In terms of the production, the piece is very pacey and runs just short of 60 minutes although, in all honesty, I felt like I was in there for less than half an hour. The piece is a dark comedy with multiple laugh-out-loud moments, a few misdirects, twists and turns and a couple of moments where you find yourself looking away from the action in disgust of the character’s behaviour. It’s truly sinister and twisted, yet also hugely amusing and great fun to watch.
Through a cast of five, the piece follows the activities taking place in a nondescript café, in a nondescript town.
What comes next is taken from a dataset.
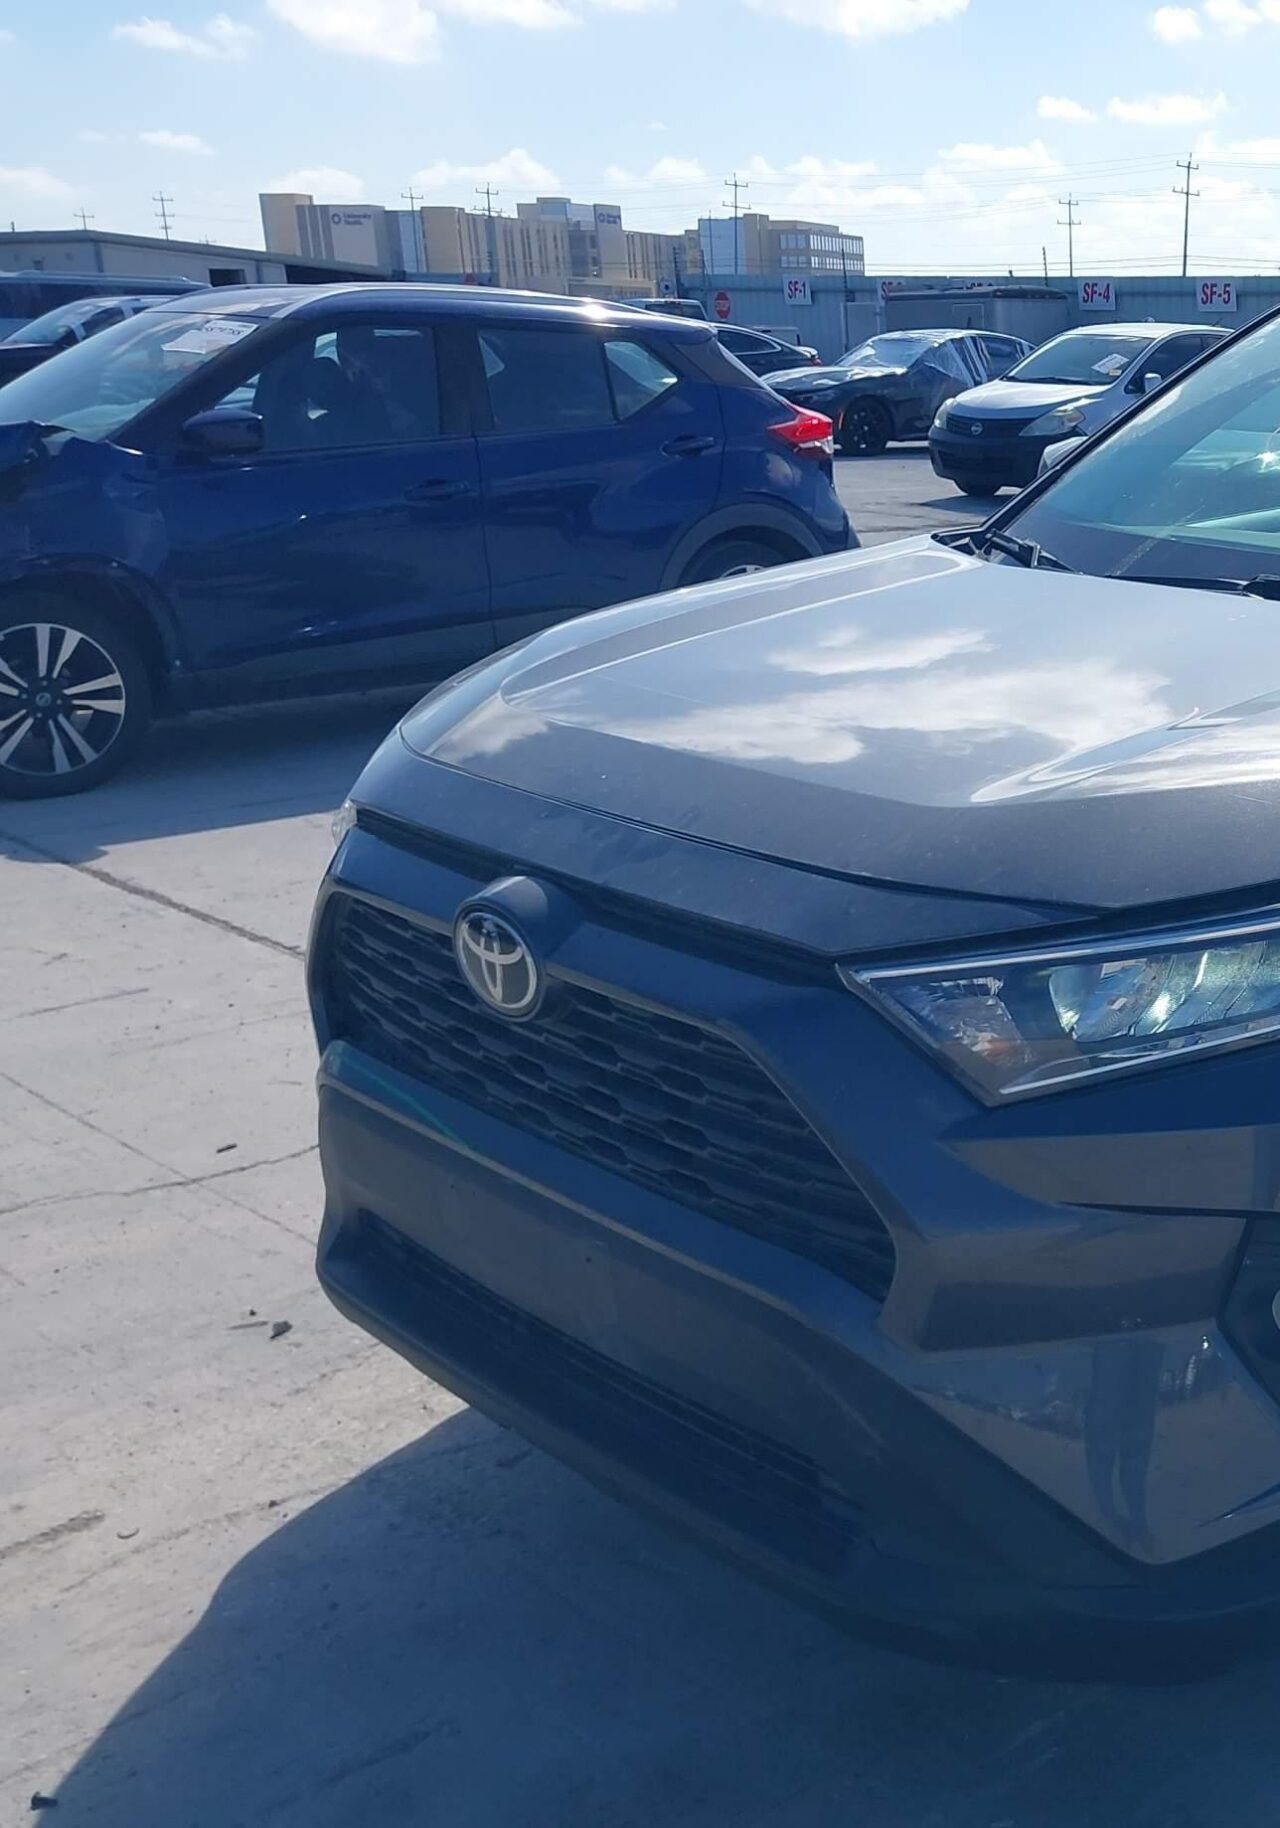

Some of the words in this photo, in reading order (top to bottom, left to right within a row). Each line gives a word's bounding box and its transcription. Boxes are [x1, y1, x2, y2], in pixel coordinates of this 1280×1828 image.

[787, 280, 807, 300] SF-1
[1082, 282, 1111, 304] SF-4
[1201, 282, 1231, 305] SF-5
The day starts, as usual, the same customers, the same breakfast orders, the same banter, but this day is not ordinary, it’s like nothing any of the clientele have experienced before and as the action unfolds we learn why. I don’t want to give too much away in this review, you’ll have to catch the action for yourself, but if you are one for character comedy and like things with a deep and un-nerving feel about them, then this play is for you.
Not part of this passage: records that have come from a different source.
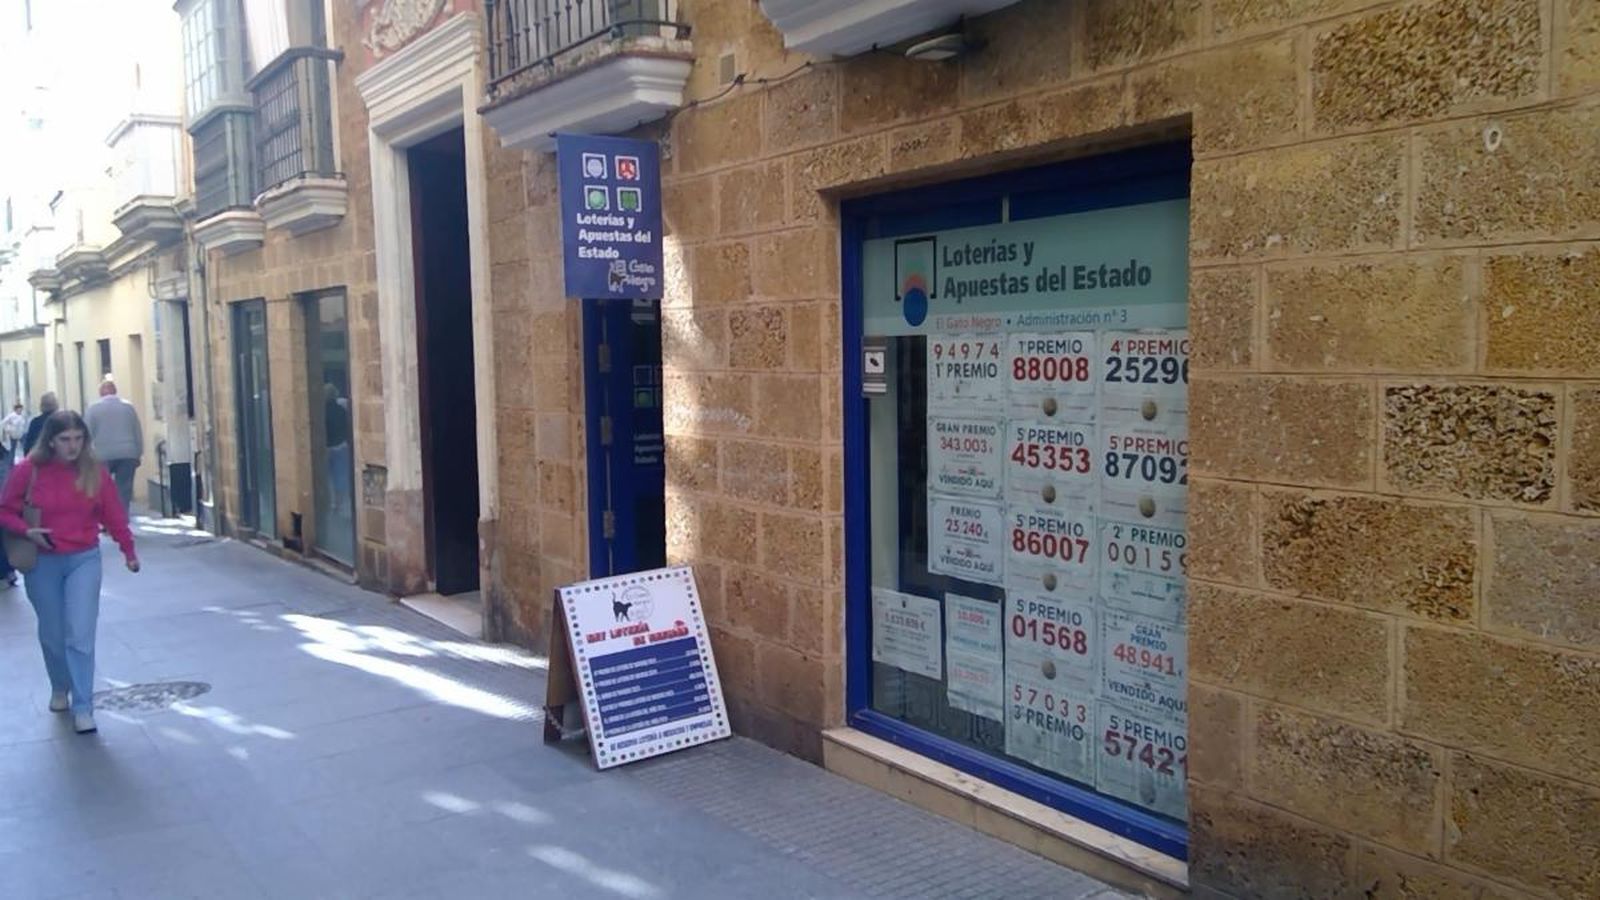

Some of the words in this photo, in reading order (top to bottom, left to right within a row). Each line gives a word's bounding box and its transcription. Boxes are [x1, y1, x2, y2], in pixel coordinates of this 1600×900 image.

[577, 213, 625, 226] Loterías
[626, 217, 635, 228] y
[578, 229, 632, 243] Apuestas
[634, 231, 651, 243] del
[578, 246, 620, 259] Estado
[942, 238, 1017, 267] Loterías
[1023, 240, 1035, 265] y
[943, 269, 1030, 303] Apuestas
[1035, 265, 1067, 292] del
[1073, 259, 1152, 290] Estado
[946, 315, 970, 330] Gato
[971, 313, 1002, 330] Negro
[1016, 308, 1101, 327] Administración
[1119, 308, 1128, 323] 3
[1028, 339, 1082, 354] PREMIO
[947, 363, 998, 379] PREMIO
[1013, 357, 1089, 382] 88008
[936, 422, 960, 433] GRAN
[962, 424, 996, 436] PREMIO
[1028, 429, 1084, 447] PREMIO
[1011, 443, 1091, 474] 45353
[939, 474, 972, 487] VENDIDO
[1028, 516, 1084, 538] PREMIO
[1131, 527, 1186, 549] PREMIO
[1012, 528, 1089, 564] 86007
[1028, 601, 1082, 627] PREMIO
[1012, 614, 1087, 655] 01568
[1130, 634, 1168, 652] PREMIO
[1135, 624, 1162, 640] GRAN
[1108, 678, 1156, 704] VENDIDO
[1026, 708, 1084, 742] PREMIO
[1124, 718, 1187, 752] PREMIO
The cast skilfully bring to life a group of rather strange yet compelling characters; Café owner Princess, Rekha (John-Cheriyan) her employee Petra (Beth Mullen) Petra’s boyfriend Tomas (Jim Mannering) and two of their usual customers, Christopher (Matthew Carter) and CJ the Busker, with his impeccable musical timing and unassuming wit (David Hemsted).
Each character is well-developed with a solid backstory woven into their portrayal. Matthew Carter is particularly compelling as Christopher, he is a pure pleasure to watch, even though the character does at one point feel the need to trim his nostril hairs! I also really enjoyed Beth Mullen’s portrayal as waitress Petra. Her comic timing really worked well and her ability to stare into space was really spell-binding. In all honesty, each of the characters has been written to really showcase the actor’s abilities whilst Mannering takes a step back and lets his fellow cast members play for laughs whilst he takes on a more serious role.
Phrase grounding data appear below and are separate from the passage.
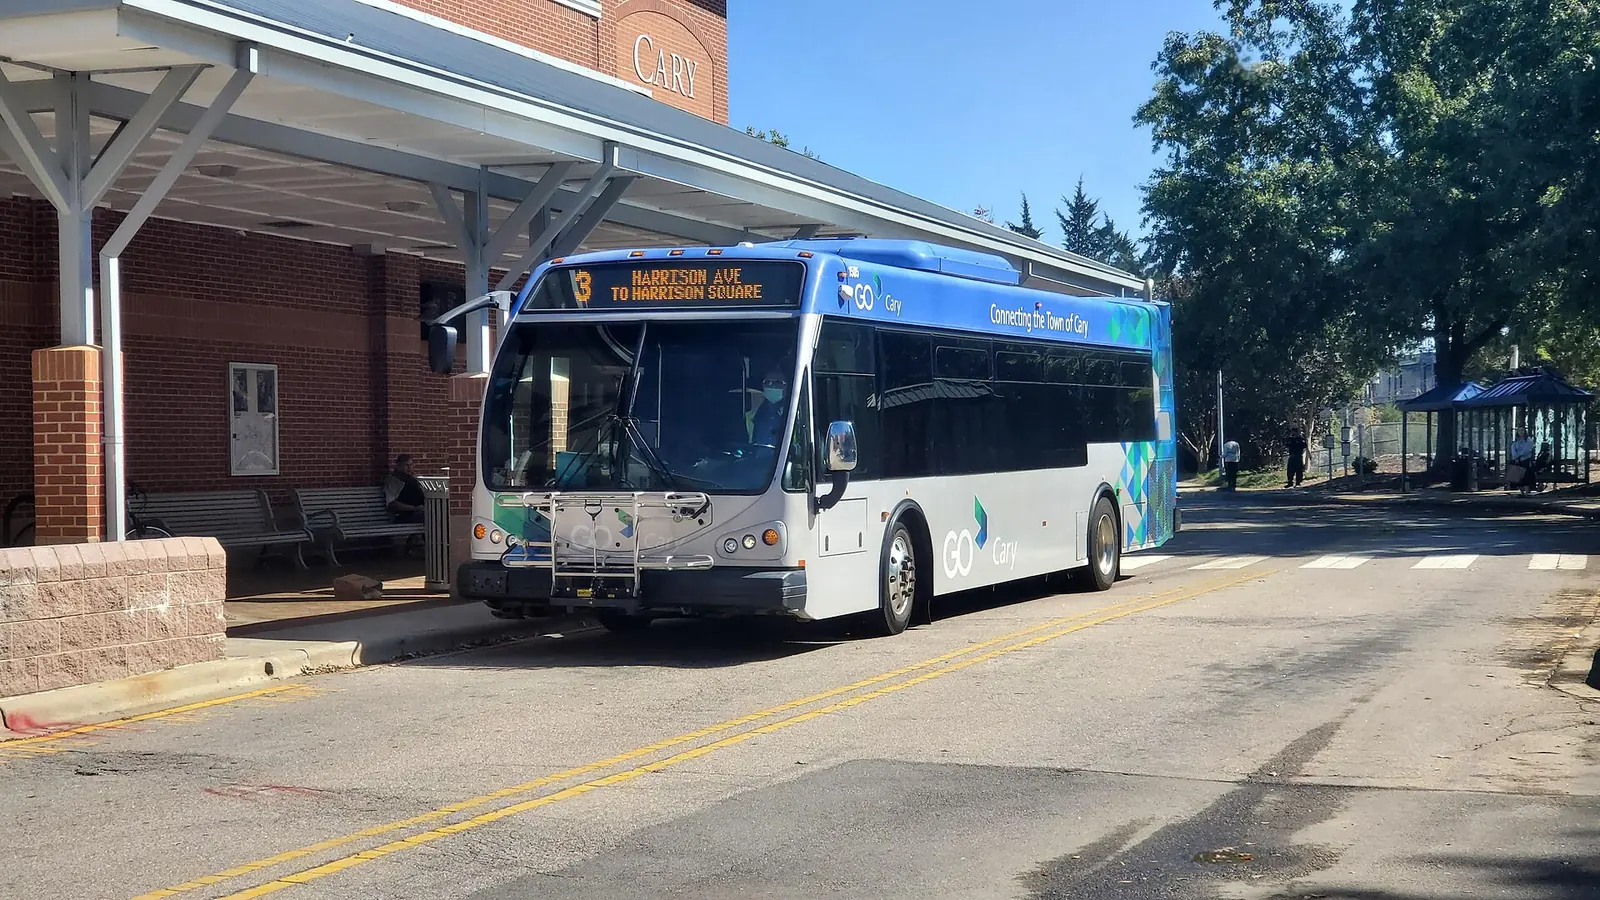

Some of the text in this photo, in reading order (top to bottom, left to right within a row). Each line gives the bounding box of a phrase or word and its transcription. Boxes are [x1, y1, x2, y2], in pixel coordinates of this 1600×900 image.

[633, 34, 697, 99] CARY
[575, 270, 592, 302] 3
[611, 285, 762, 301] TO HARRISON SQUARE
[632, 268, 742, 286] HARRISON AVE
[854, 283, 902, 316] GO Cary
[990, 303, 1089, 339] Connecting the Town of Cary
[943, 528, 1017, 579] GO Cary
David Hemsted weaves the story together as CJ the Busker, he has some of the best lines in the production and delivers them really well to huge laughs. I particularly enjoyed his rendition of Sting’s “Every Breath you take”. He has excellent comic-timing and provides much of the pace for the piece.
The characterisation is, in fact, my favourite thing about Mannering’s writing and directing. He pays huge attention to detail, and his observant eye beautifully catches a person’s foibles and idiosyncrasies and bring them to life on the stage. In Café of the Damned, Mannering showcases the worst in humanity. For me, it could easily be an episode in Roald Dahl’s Tales of the Unexpected. I hope I don’t have to wait another year for Part 3 of this trilogy.
Review by Faye Stockley
A comic thriller, set in the third cheapest diner in a coastal town with no name.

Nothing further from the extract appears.